Дэнни – моя мука и боль; мало того, меня за него совесть мучает. Я должен был помочь ему. Я и пытался, да разве он дастся. Дэнни мне все равно что брат родной, мы с ним вместе выросли, одних лет, рост, сила – все у нас было одинаковое. Может быть, оттого меня и мучает совесть: ведь я сторож брату моему, а уберечь его не смог. Тут уж сколько ни оправдывайся перед собой, никакие доводы не помогут, даже самые резонные. Семья Тейлоров такая же старинная, как семья Хоули или Бейкеров. Во всех моих воспоминаниях о детстве, о пикниках, играх, посещениях цирка, рождественских праздниках Дэнни неотделим от меня, как моя собственная правая рука.

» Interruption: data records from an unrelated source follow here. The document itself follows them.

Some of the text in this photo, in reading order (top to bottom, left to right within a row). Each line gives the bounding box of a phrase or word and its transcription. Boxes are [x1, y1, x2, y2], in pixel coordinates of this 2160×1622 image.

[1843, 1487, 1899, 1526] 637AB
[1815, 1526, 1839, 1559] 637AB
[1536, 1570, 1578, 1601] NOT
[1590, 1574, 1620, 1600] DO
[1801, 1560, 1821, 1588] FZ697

Может быть, если бы мы и дальше учились вместе, с ним бы не стряслась беда. Но я уехал в Гарвард – преуспевал в языках, постигал всю прелесть гуманитарных наук, наслаждался древним, прекрасным, неведомым, вбирал в себя книжную премудрость, которая оказалась мне вовсе ни к чему в бакалейной лавке. И всегда жалел, что на этом увлекательном, ярком пути со мной рядом нет Дэнни. Но Дэнни ждала карьера моряка. Вакансия в Военно-морском училище была задумана, исхлопотана, закреплена и обеспечена ему, еще когда мы бегали в коротких штанишках. Его отец не забывал напоминать об этом каждому вновь избранному от нас конгрессмену.

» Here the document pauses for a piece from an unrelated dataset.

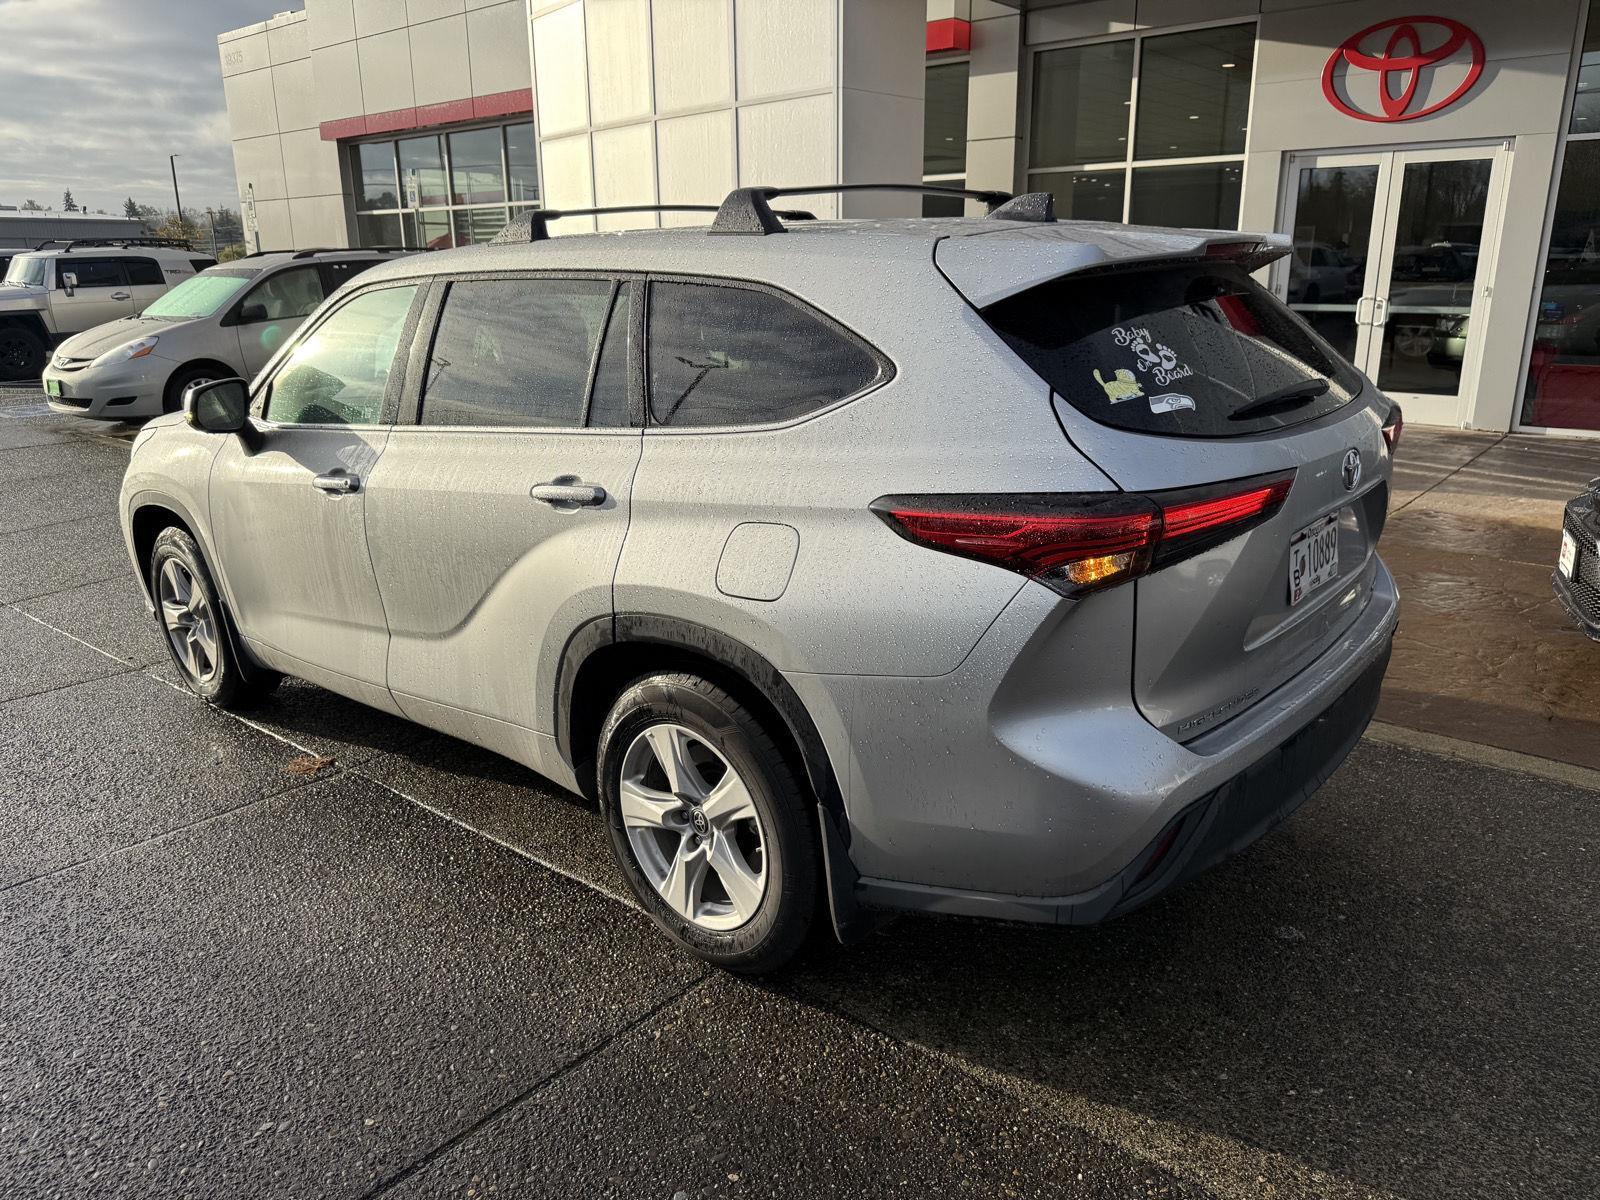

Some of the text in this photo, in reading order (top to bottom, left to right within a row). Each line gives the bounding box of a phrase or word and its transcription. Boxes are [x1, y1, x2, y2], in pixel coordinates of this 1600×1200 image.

[1111, 326, 1151, 346] Baby
[1152, 363, 1193, 386] Board
[1307, 526, 1337, 578] 10889

Три года отличных успехов, а потом – исключение. Говорят, это убило его родителей, во всяком случае это почти убило самого Дэнни. Осталась лишь тень его – жалкий горемыка, полуночник-горемыка, выпрашивающий мелочь, чтобы прополоскать мозги. Так он и бродит всю ночь до рассвета по городским улицам, понурый, одинокий, едва передвигая ноги. Когда он просит у вас четвертак, чтобы прополоскать мозги, глаза его молят о прощении, которого он у самого себя не находит. Ночует он в хибарке на заброшенной судоверфи, когда-то принадлежавшей Уилбурам. Я нагнулся, стараясь определить по следам, домой он шел или из дому. Похоже было, что он бродит где-то в городе и может в любую минуту попасться мне навстречу. Едва ли Крошка Вилли вздумает засадить его за решетку. Что толку?
Я шел не наудачу, а в определенное место. Об этом месте я думал, видел его, чувствовал его запах, еще лежа в постели. Старая гавань теперь в запустении. После того как построили городской мол и соорудили волнорез, старый рейд, защищенный острым клыком Троицына рифа, занесло илом и песком, и он совсем обмелел. И нет больше ни стапелей, ни мостков, ни пакгаузов, где династии бондарей мастерили бочки для китового жира, нет и длинных причалов, над которыми высились бушприты китобойных судов, украшенные причудливыми резными фигурами. Это были по большей части трехмачтовики с прямыми парусами, устойчивые, крепкие корабли, рассчитанные на долгие годы плавания в любую погоду. На задней мачте крепилась и контра-бизань; бом-кливер был выносной, а двойной мартин-гик служил в то же время шпринтовым гафелем.
У меня есть гравюра, изображающая Старую гавань, битком набитую кораблями, есть несколько выцветших дагерротипов, но они мне, в сущности, не нужны. Я хорошо знаю и гавань и корабли. Мой дед все это рисовал передо мной своей тростью, сделанной из бивня нарвала, и вдалбливал мне терминологию, постукивая при каждом названии по обломку сваи, уцелевшему от того, что некогда было причалом Хоули. Мой дед, неистовый старик с седой шкиперской бородкой. Я любил его до боли.